The biblical story, “Prodigal Son”, is about a father who plans to leave his sons an inheritance after he dies but his younger son asked his father for his share of the fortune early. The son was granted his money but knew he could no longer claim his family as his own. The young man moves to another country and lives a lavish lifestyle that only lasted a short while. He soon ran out of money and was starving during a famine. The son returns to his father, not asking for forgiveness or to be called his son, but asking to work as his father’s servant. Prepared to live amongst the pigs, the son was shocked by his father’s warm welcome.
His father dressed him in a fine robe, a ring and shoes. There was a fattened calf for the son and all his friends to feast on at his party to welcome him home. The son’s plea to live as a servant and stay with the pigs after being selfish and greedy was ironic because his father was joyed by his return and gave him more than expected. The son thought he would return to be a worker and was happily surprised to return to be accepted back by his father.

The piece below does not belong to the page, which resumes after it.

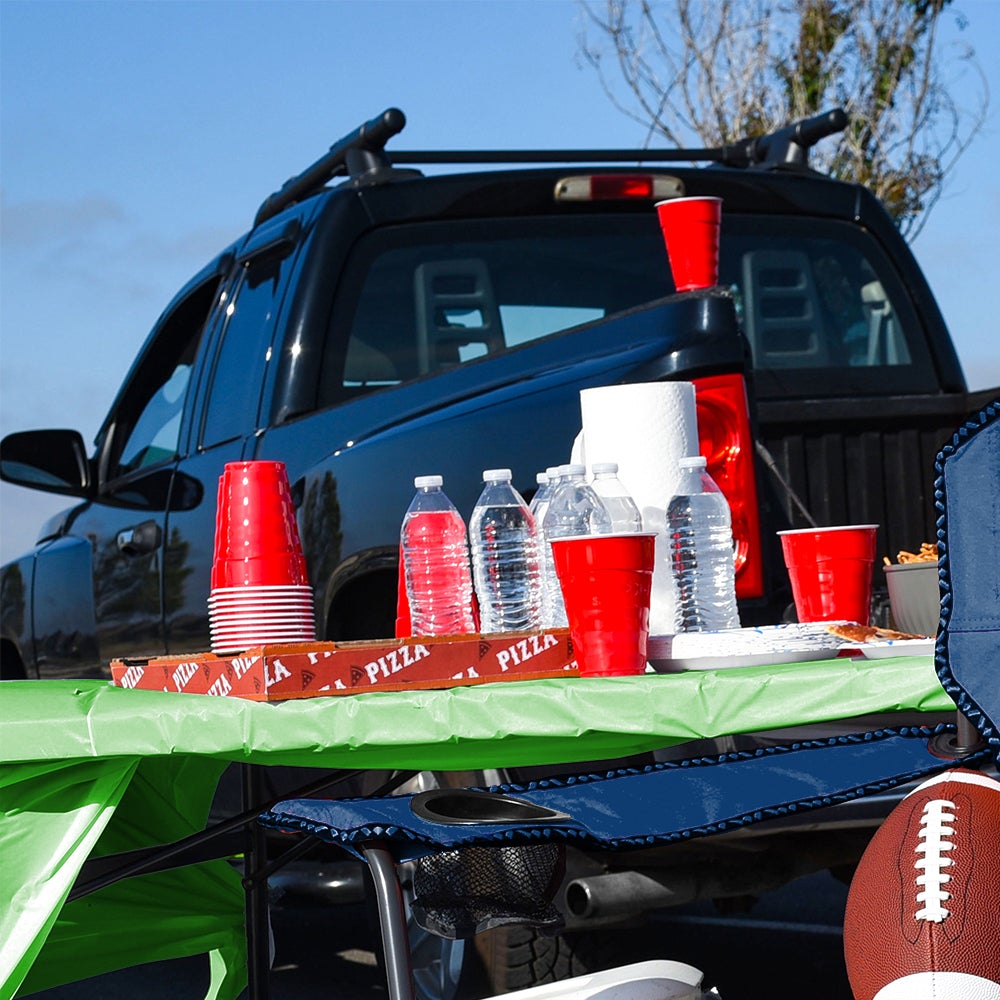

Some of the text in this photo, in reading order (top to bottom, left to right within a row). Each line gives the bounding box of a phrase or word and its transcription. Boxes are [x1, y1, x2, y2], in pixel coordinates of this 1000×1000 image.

[364, 643, 431, 685] PIZZA
[496, 634, 559, 672] PIZZA
[172, 662, 200, 693] PIZZA

“The Gift of the Magi”, by O. Henry, is about a couple that was living a modest life but wanted to buy something special for each other on Christmas. Della only had $1.87 to buy Jim a gift and she needed a way to come up with more money. She found place that was willing to buy hair. Della had long, flowing hair that beautifully cascaded down to her knees and she took much pride in it but she cut it off to sell for twenty dollars. Della now had enough money to buy Jim a platinum chain for his cherished gold watch that had been in his...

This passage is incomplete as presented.